Along with Barbara Mclean and Dede Allen, Anne Voase Coates has been one of the most influential, risk takers, female editors of all time. Perhaps risk taker is an underestimated concept, suicidal is a more proper term. Just as T.E. Lawrence, she has been a gutsy and flamboyant general, who with a gentle blow has extinguished light, and straight cut into a bigger than life adventure with the sore purposes of prominence.
“I cut by following my instinct. I like to think of myself as an editor of performances. I am guided by them.” She is a thorough rescuer of sensitiveness, a digger of details, and a righteous swordsman that only grips the blade when the film truly deserves it.
She looks for the unexpected wink in the middle of a heated conversation, a non-deliberate moan in a quiet contemplation, or a slight turn of head in the stoics of introspection. Above all, she is a patient observer who has crafted the art of waiting.
“Editors are not trained like that anymore. They are trained to cut, cut, cut. If there is nothing wrong with a shot then why cut? Hold it. Let it serve its purpose. Cutting is such a personal act.”
5. Richard Marks (The Godfather Part II, Julie & Julia)
What he can teach you: “Editing is not about entrusting a style, but establishing a tone.”
Very few individuals in the film industry dare to emplane on a variety of projects that differ so much between each other in genre, aesthetics, and storytelling style. But even fewer, those who accomplish a successful transition within this range of selections.
One of these odd creatures in the business is editor Richard Marks, one of the most chameleonic filmmakers out there. He has been responsible for assembling bulky canons of dramatic proem such as The Godfather Part II, little austere cult pieces like Say Anything, and box-office romantic hits that span from You’ve got Mail to As Good as it Gets.
“You can slow down a rapid montage and soften the drama, or you can wind up a comedy by cutting it too slowly. It’s the footage that must guide your style.”
Both in The Godfather II (Francis Ford Coppola) and Julie and Julia (Nora Ephron), two extreme ended films in looks and story, Marks is able to stir up two different compelling stories into one single package. Both films are built under the same storytelling formula of splitting the main narrative into sequential, parallel memoirs: One, a potboiler allegory of the present, the other, an anecdotal version of the past.

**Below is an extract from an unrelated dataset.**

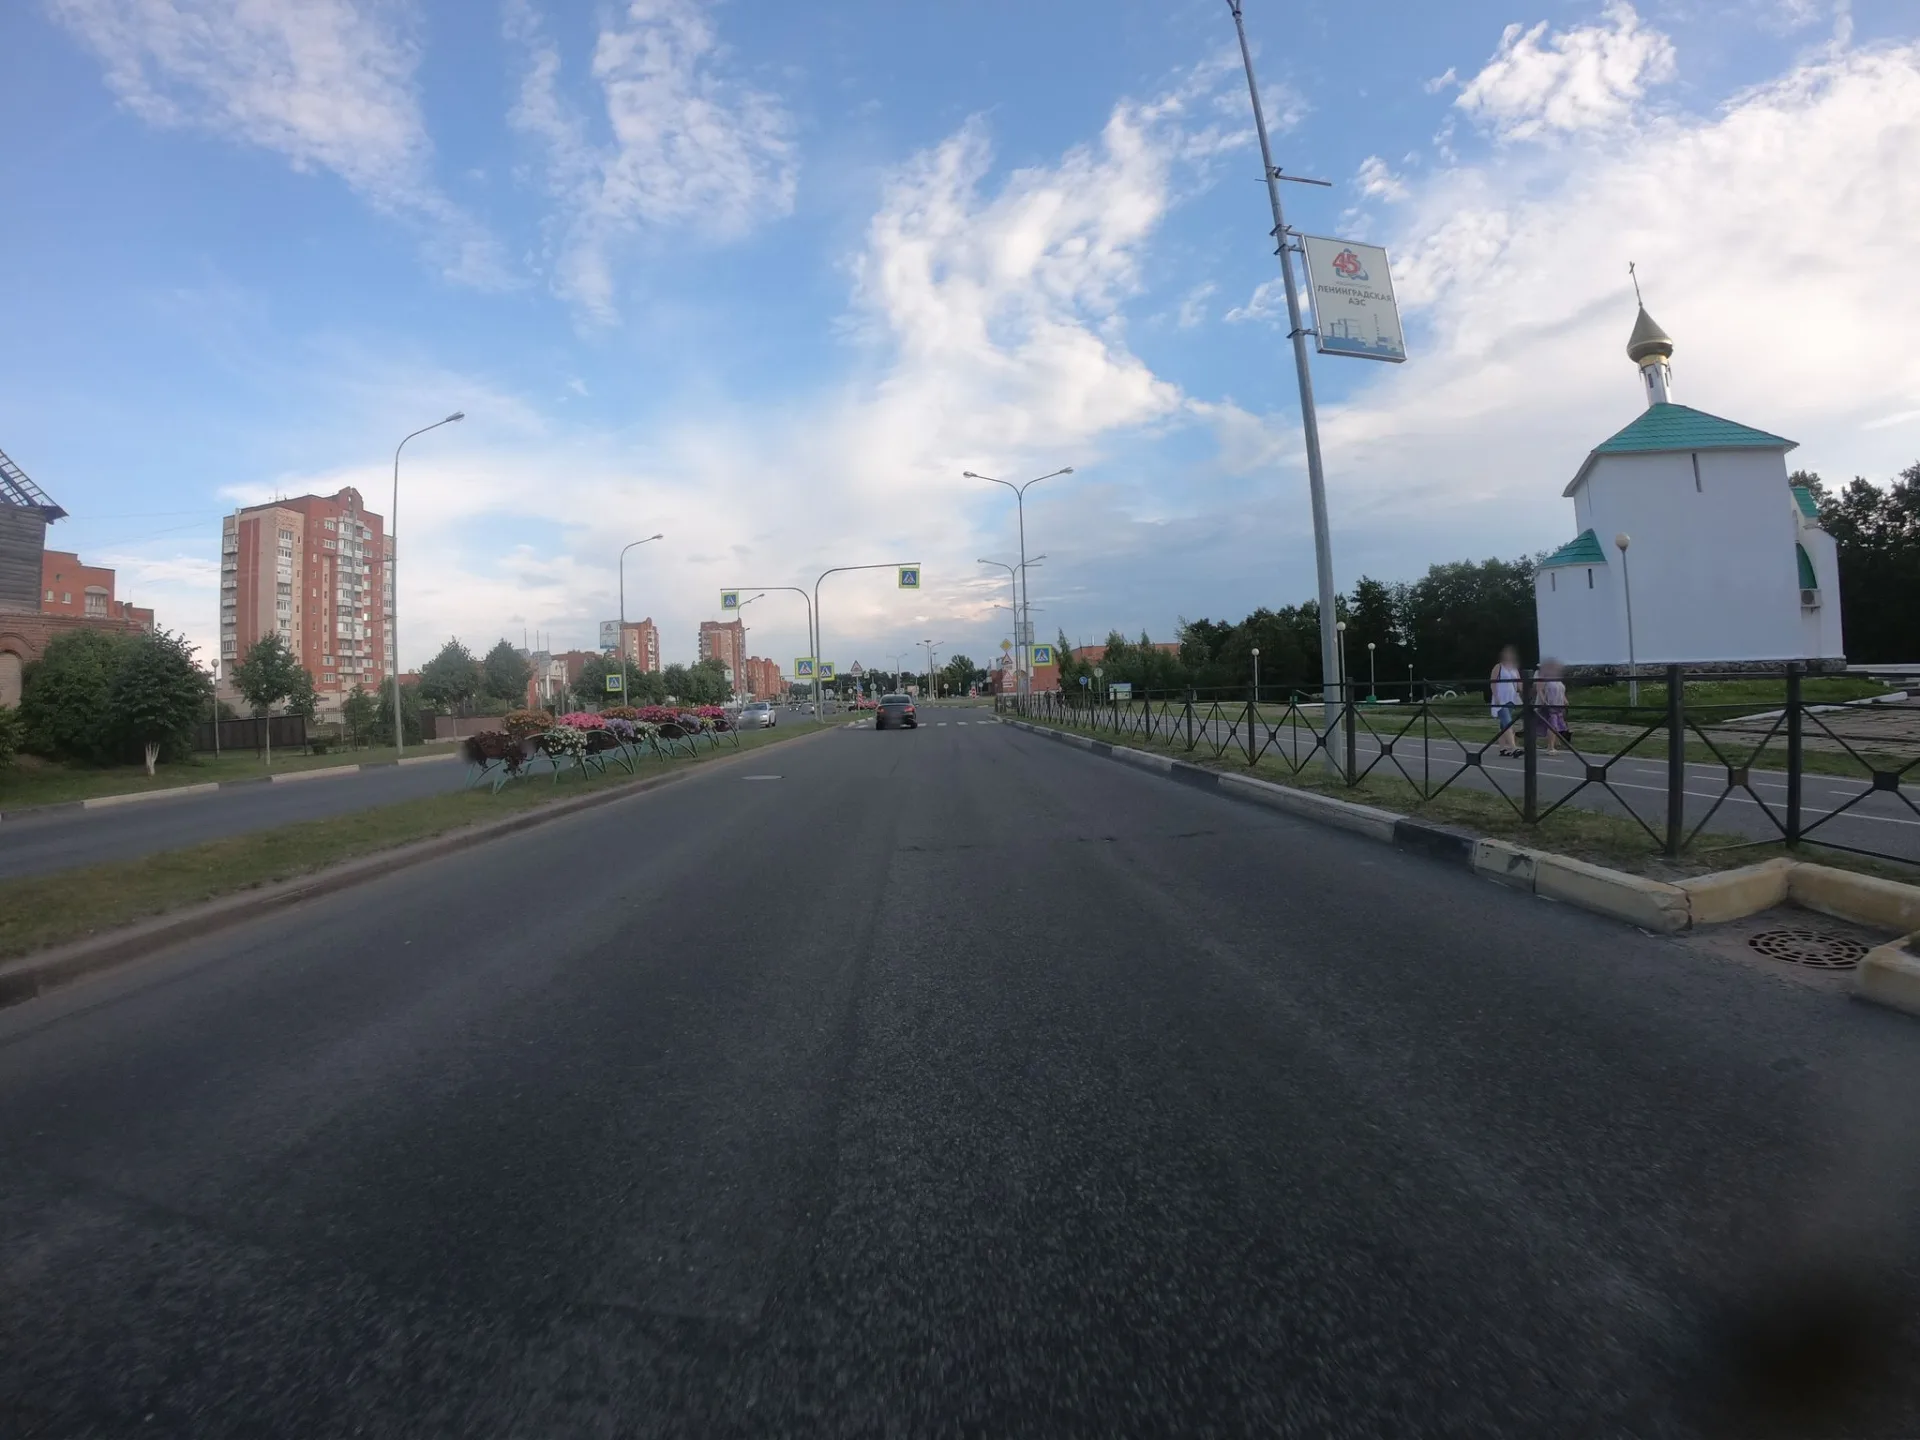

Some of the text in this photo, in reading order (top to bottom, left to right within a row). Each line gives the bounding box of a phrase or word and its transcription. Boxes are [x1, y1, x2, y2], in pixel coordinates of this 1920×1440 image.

[1332, 252, 1359, 274] 45
[1318, 285, 1392, 301] ЛЕНИНГРАДСКАЯ
[1348, 298, 1366, 306] АЭС

The Godfather II is the mournful rite of passage of a young, idealistic prince that has taken over the merciless reign left by his father, and that in the process, has become a ruthless king himself.
At the same time, through a series of warm and rich toned flashbacks, we recollect on the humble beginnings of the previous fallen king (Vito Corleone), as he climbs the ladder of crime and Mafia, by making his way through the rooftops of an old New York that looks more like a fairy interpretation of a Caravaggio painting, than a city bereaved by the Depression.
Julie and Julia, on the other hand, is the tale of two unbending women obsessed with the determination of success and individualism, by the means of cooking. As in The Godfather II, we cut back and forth between the parables of each woman: Julia being the painteresque, iconic, six inched figure living in Paris that will inspire the journey of the irritatingly lovable Julie.
Two interpretative, separate films, two opposite directors who are able to evoke subtle and deep emotion to each correspondent subject and context, one editor to guide them both. Only with the same strategic knitting hand, can two antithetical films, retain the same conjuring melancholia of lost eras.
Richard Marks gives no room to chimerical notions such as that, of a personal style. He only allows entrance to the perception of an emotional link between tone and story.
“You have to establish the tone of the film as soon as possible. You are responsible for offering a path for the audience to follow.”